I shake my head, "Not really. He usually knows where to draw the line... I feel sorry for him, being stuck with someone like me..."



"He's not stuck with you. That's his choice. He's chosen to be with you. If he didn't want to stay with you, then he wouldn't have asked you to marry him. He knows what's involved with being with you, but he still asked anyway. That proves he's in this for the long haul."



She thinks for a few minutes and the only thing I can hear is the faint ticking of the clock and my ragged breathing. I feel so guilty for being so selfish but fear grips me and hinders me from doing anything about it. The memories are just too much. After being violated in so many ways, especially with having no way to forget or reduce those memories, it is a step I don't know if I'll ever be able to take.

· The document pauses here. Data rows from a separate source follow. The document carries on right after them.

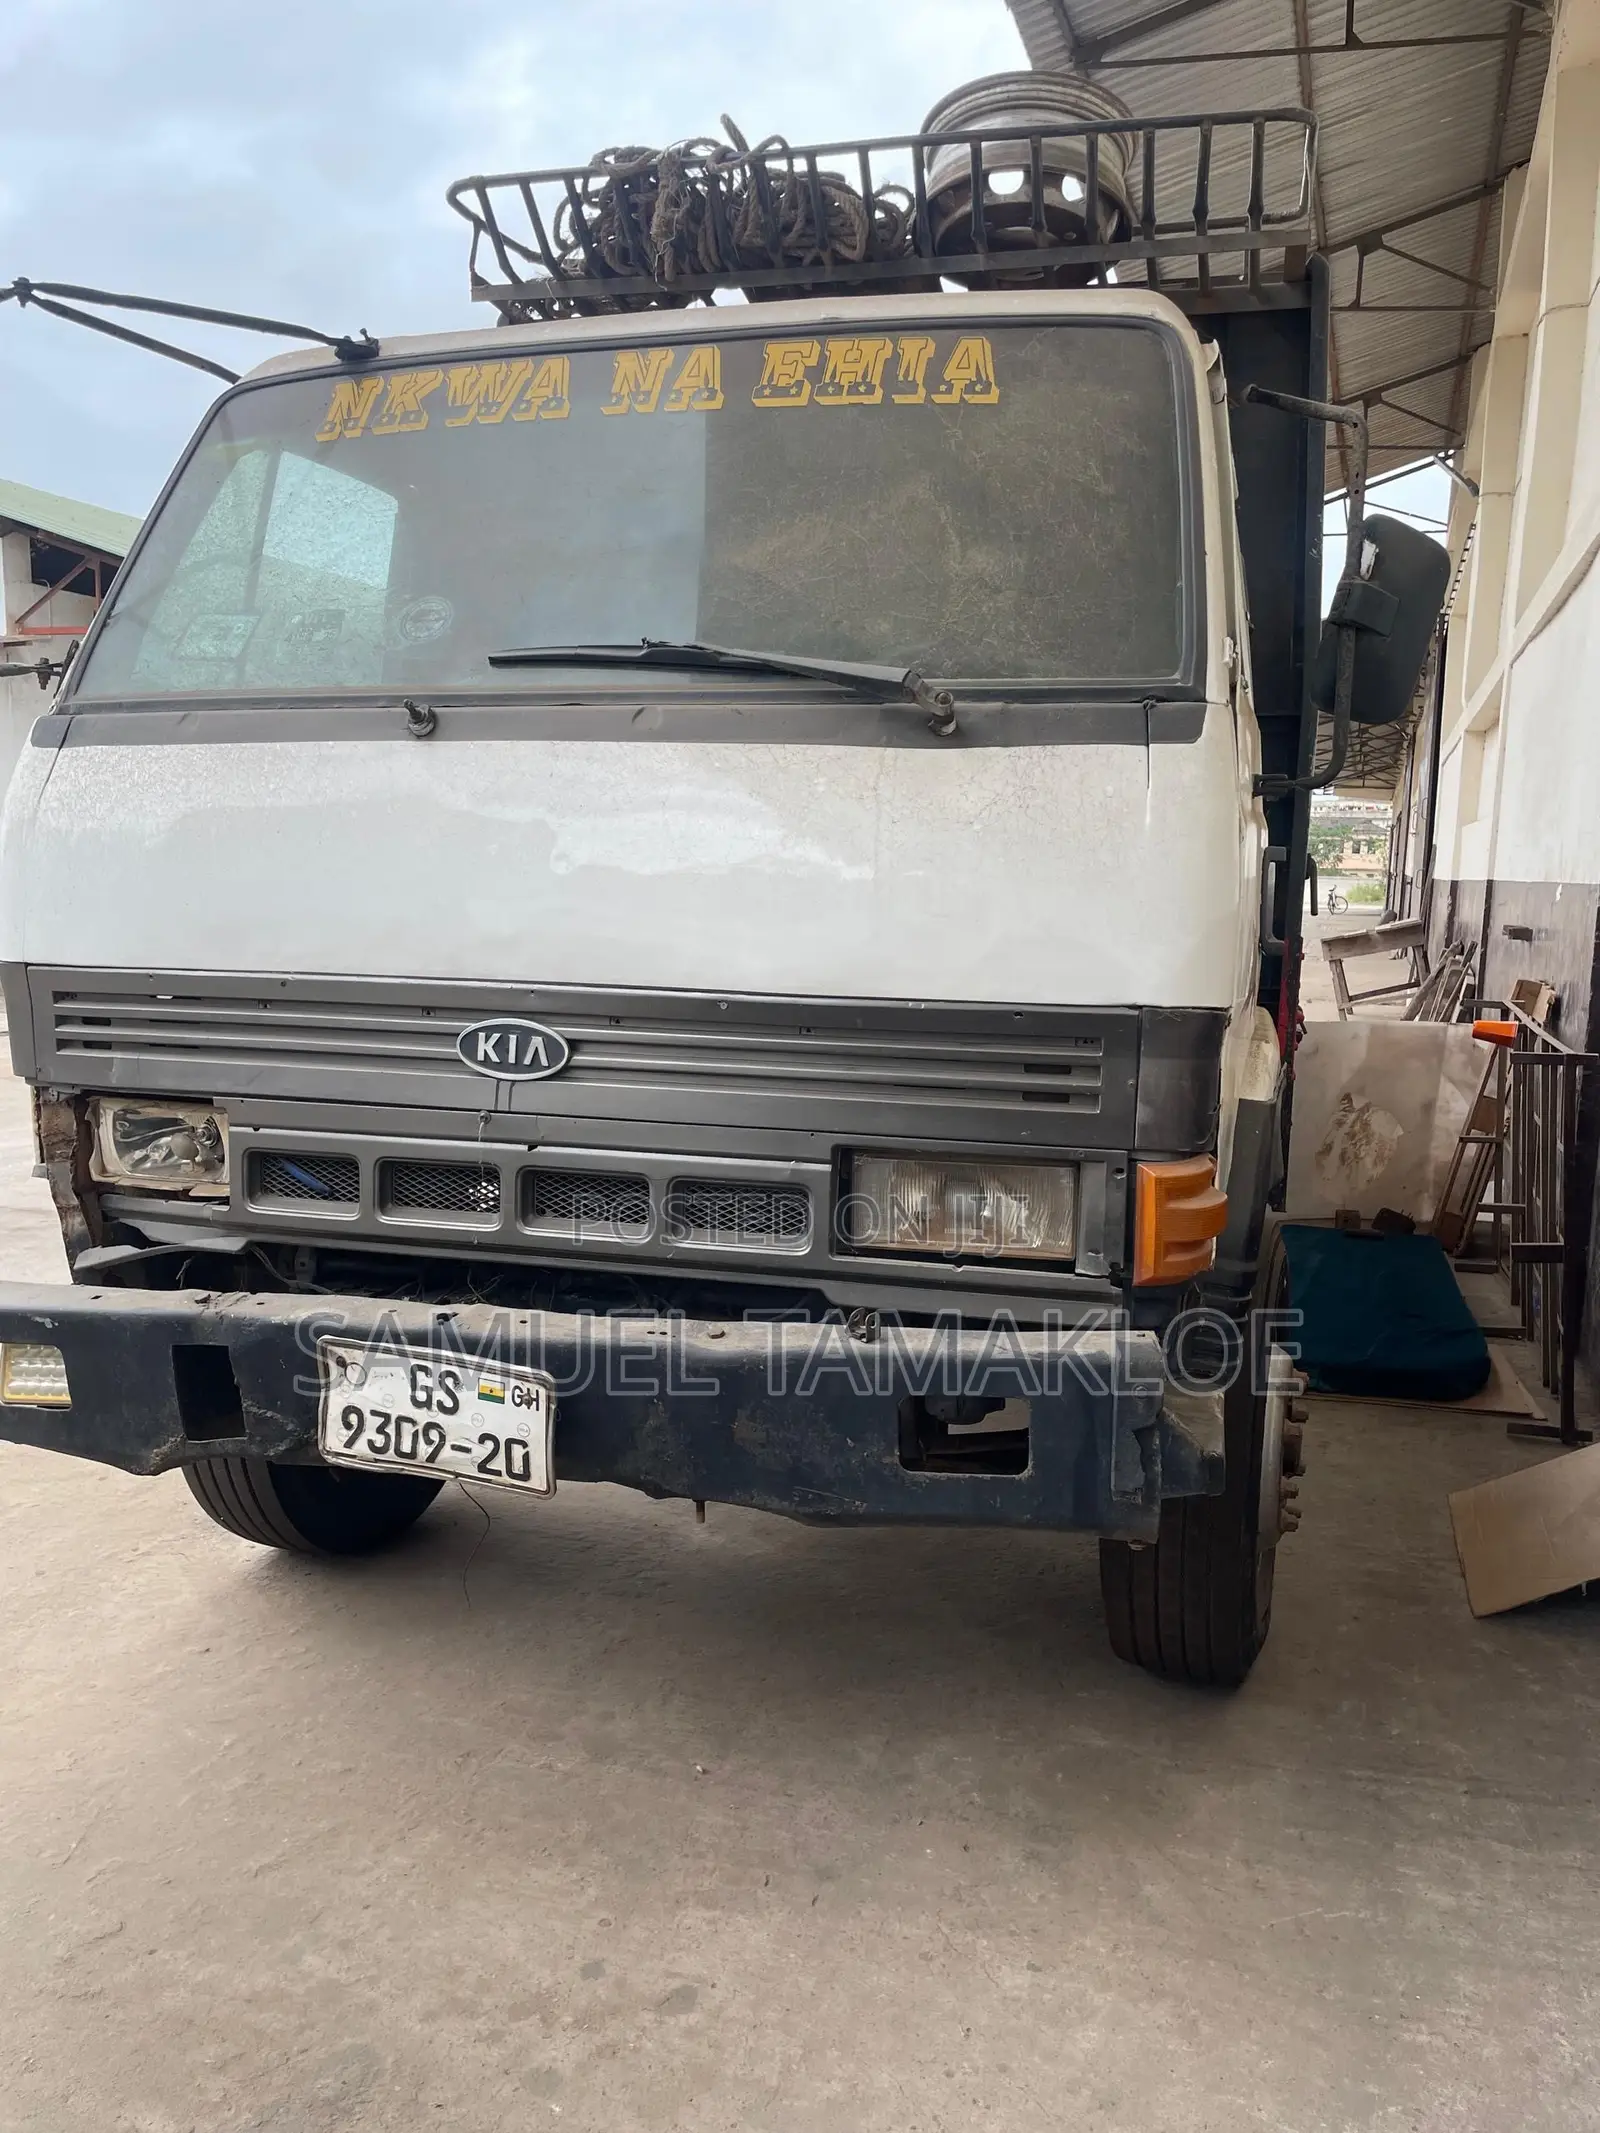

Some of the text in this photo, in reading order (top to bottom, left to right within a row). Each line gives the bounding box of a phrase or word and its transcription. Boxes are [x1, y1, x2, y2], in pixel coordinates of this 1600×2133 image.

[315, 336, 1000, 442] NKWA NA EHIA
[477, 1031, 549, 1067] KIA
[409, 1363, 461, 1416] GS
[510, 1384, 540, 1412] GH
[341, 1404, 531, 1482] 9309-20
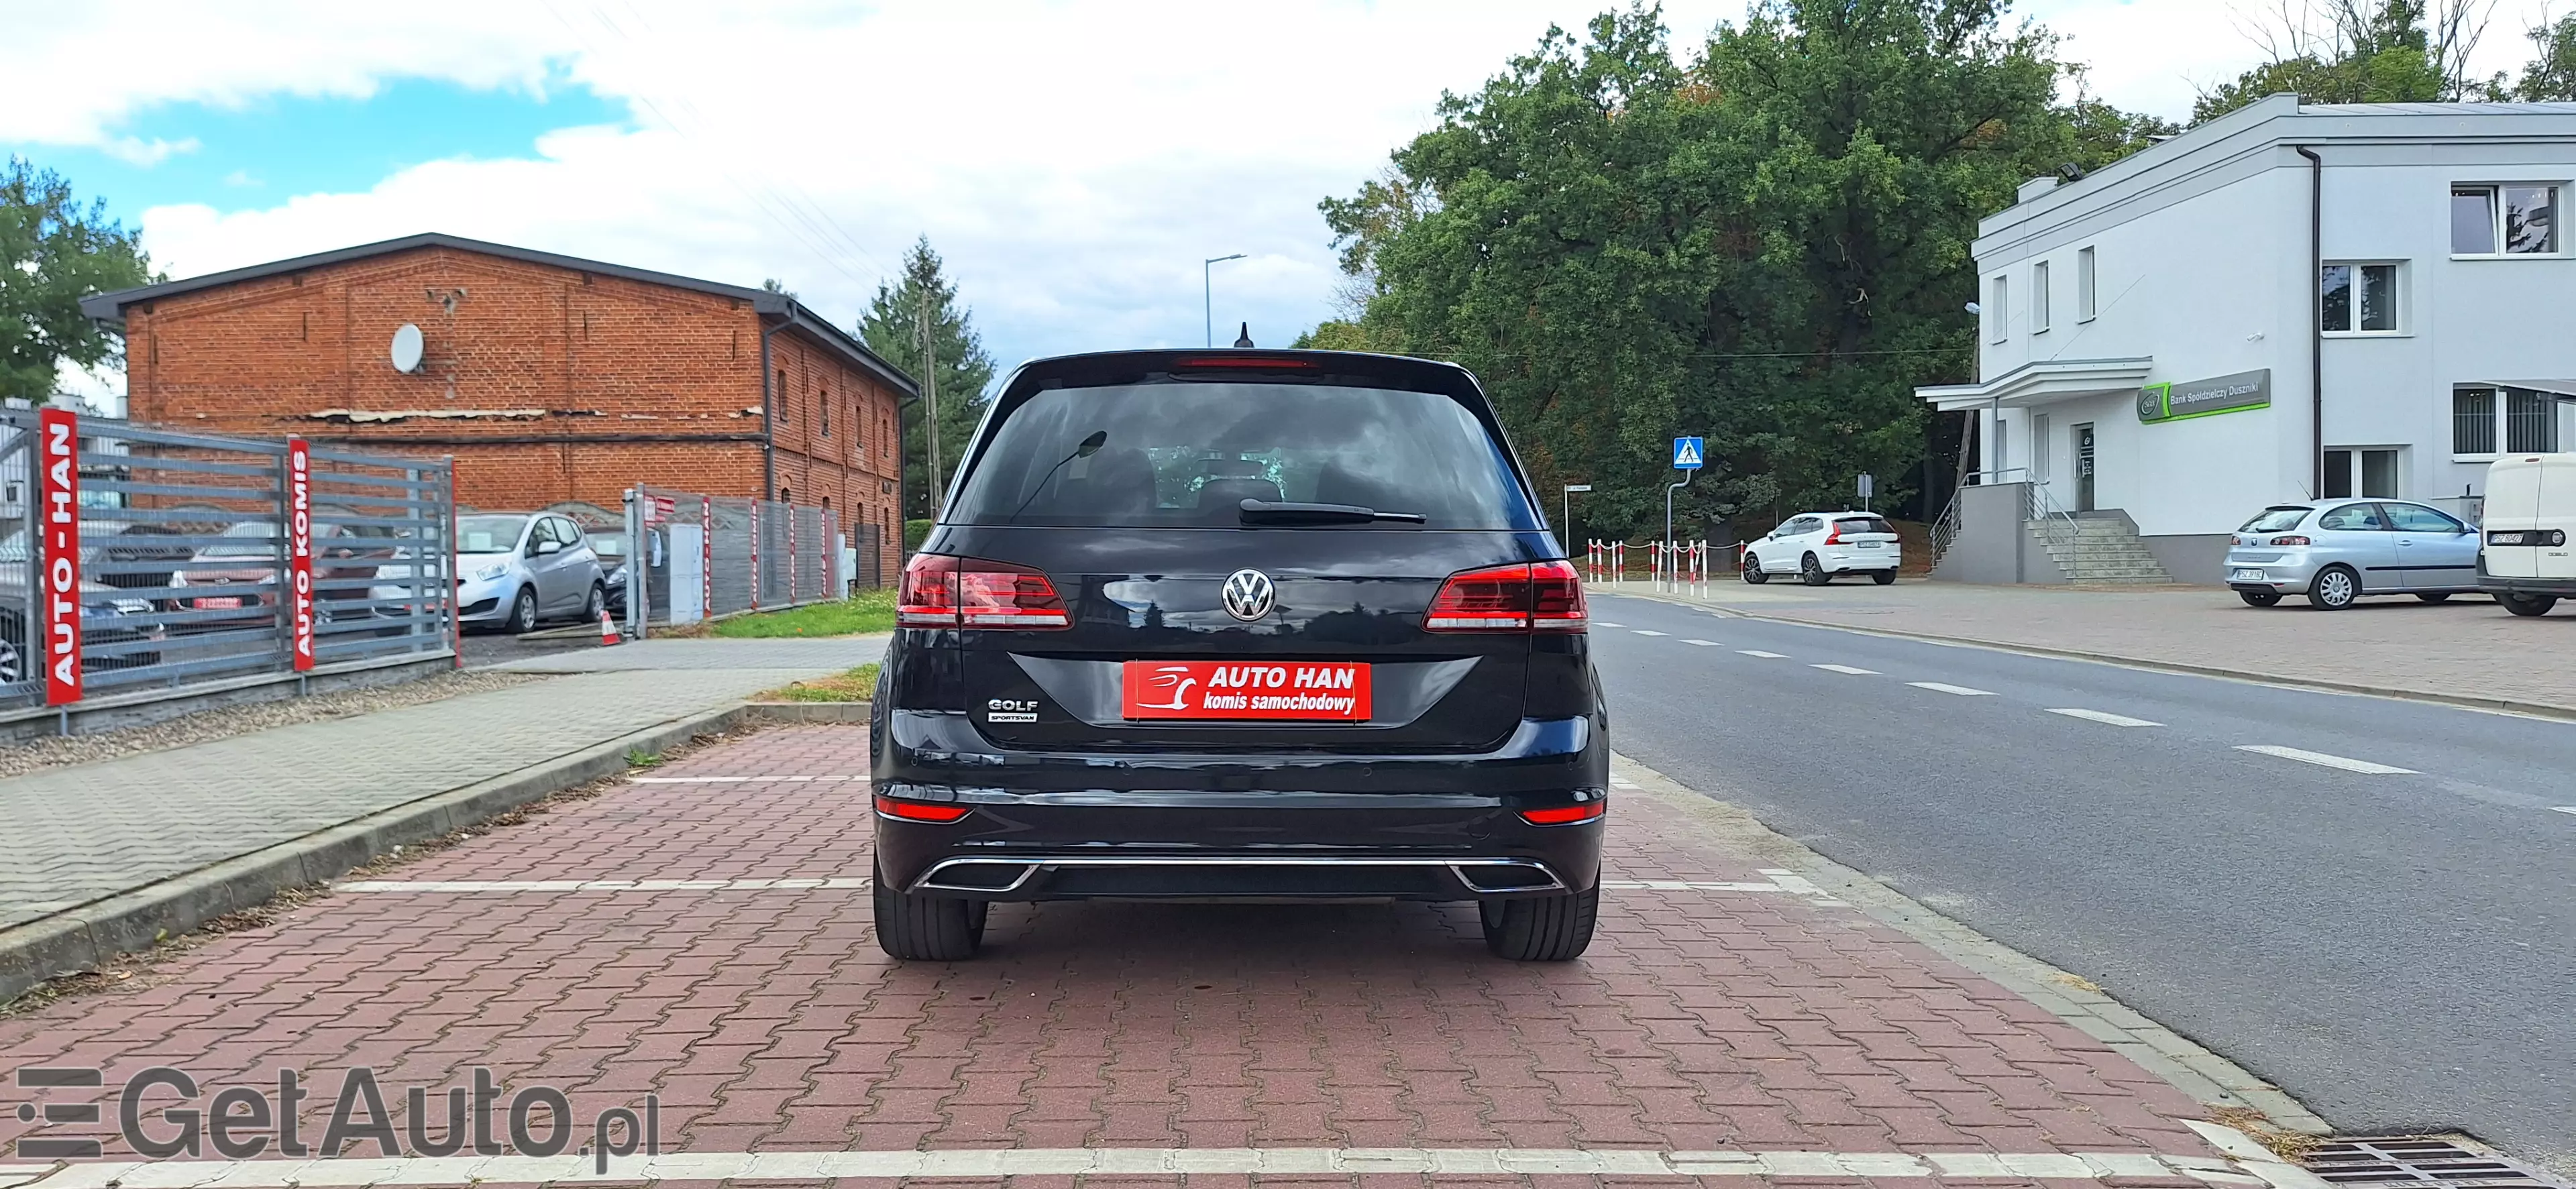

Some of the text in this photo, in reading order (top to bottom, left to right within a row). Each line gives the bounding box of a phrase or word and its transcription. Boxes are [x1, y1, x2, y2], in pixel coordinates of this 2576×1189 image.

[2170, 381, 2259, 405] Bank Spółdzielczy Duszniki
[293, 450, 311, 657] AUTO KOMIS
[1208, 667, 1355, 689] AUTO HAN
[988, 699, 1038, 711] GOLF
[1203, 691, 1355, 715] komis samochodowy

Sam breaks my thoughts by saying, "I'd like you to try something. I'd like you to try and initiate the contact. Maybe if you go to Eli,rather than him going to you, then it might get you through some of these issues. It'll give you the power, instead of a man having the power in that situation. Would you be willing to try that for a few weeks?"



My eyes widen. Can I do that? Can I be brave and bold enough to start the physical contact? Honestly? I don't know.



I think for a few seconds and then I truthfully answer, "I don't know."



"I'd like you to try. I want to increase your dose of medication. You've been sitting at this dose for a while and I'd like to see if we can make more progress with a higher dose in your system. Are you ok with that?"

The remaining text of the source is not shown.